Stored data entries
= Beginning of Section =
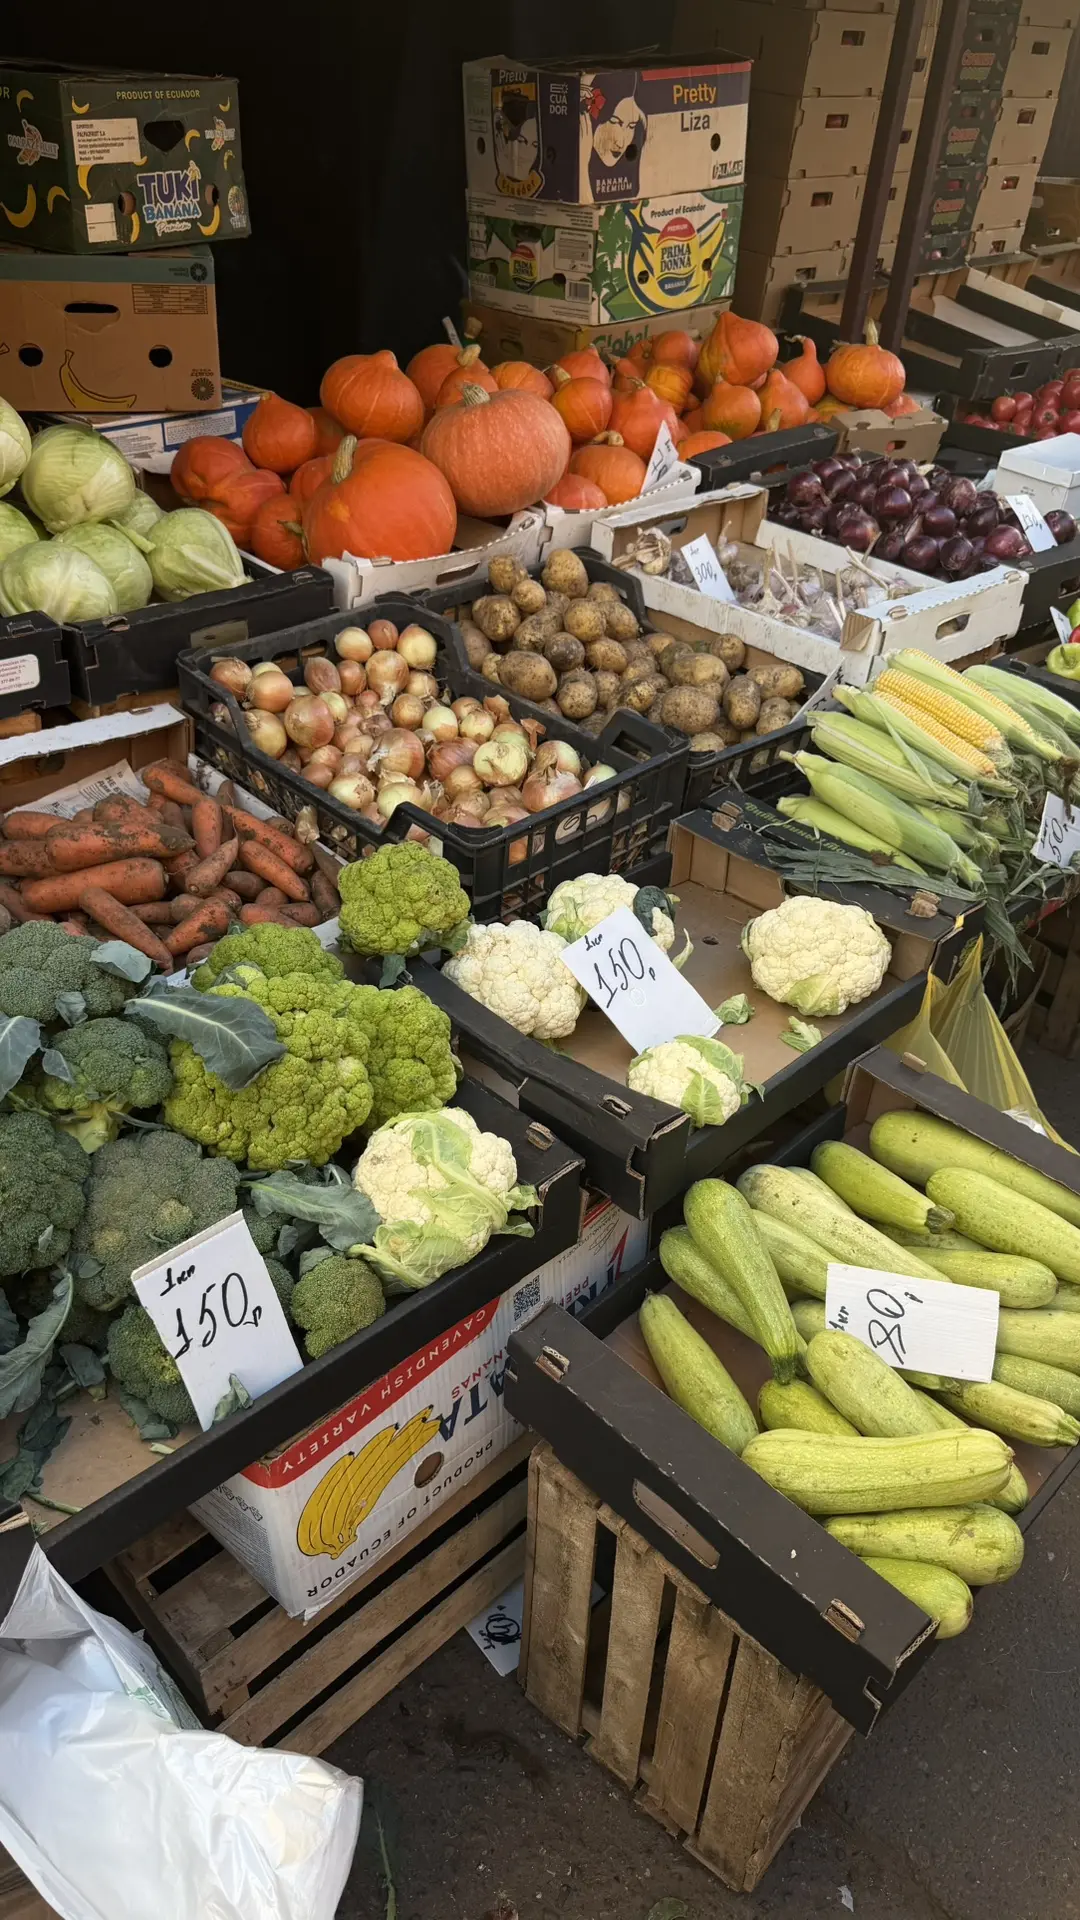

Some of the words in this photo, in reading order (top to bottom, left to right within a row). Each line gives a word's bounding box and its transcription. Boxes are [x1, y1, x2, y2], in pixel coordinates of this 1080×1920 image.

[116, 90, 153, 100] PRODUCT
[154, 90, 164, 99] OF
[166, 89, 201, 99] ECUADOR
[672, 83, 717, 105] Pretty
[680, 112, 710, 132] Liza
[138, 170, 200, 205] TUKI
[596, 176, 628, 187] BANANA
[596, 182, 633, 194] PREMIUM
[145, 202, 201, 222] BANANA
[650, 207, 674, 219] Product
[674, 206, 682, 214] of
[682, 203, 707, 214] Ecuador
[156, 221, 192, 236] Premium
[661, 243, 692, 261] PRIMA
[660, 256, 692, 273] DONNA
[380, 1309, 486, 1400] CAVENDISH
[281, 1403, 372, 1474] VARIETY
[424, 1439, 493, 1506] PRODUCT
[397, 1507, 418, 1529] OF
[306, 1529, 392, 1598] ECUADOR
= End of Section =
▶ _Requirement_
No pictures should appear in the copy, and each record above is to be returned exactly.

▶ _Output for this task_
Some of the words in this photo, in reading order (top to bottom, left to right within a row). Each line gives a word's bounding box and its transcription. Boxes are [x1, y1, x2, y2], in pixel coordinates of this 1080×1920 image.

[116, 90, 153, 100] PRODUCT
[154, 90, 164, 99] OF
[166, 89, 201, 99] ECUADOR
[672, 83, 717, 105] Pretty
[680, 112, 710, 132] Liza
[138, 170, 200, 205] TUKI
[596, 176, 628, 187] BANANA
[596, 182, 633, 194] PREMIUM
[145, 202, 201, 222] BANANA
[650, 207, 674, 219] Product
[674, 206, 682, 214] of
[682, 203, 707, 214] Ecuador
[156, 221, 192, 236] Premium
[661, 243, 692, 261] PRIMA
[660, 256, 692, 273] DONNA
[380, 1309, 486, 1400] CAVENDISH
[281, 1403, 372, 1474] VARIETY
[424, 1439, 493, 1506] PRODUCT
[397, 1507, 418, 1529] OF
[306, 1529, 392, 1598] ECUADOR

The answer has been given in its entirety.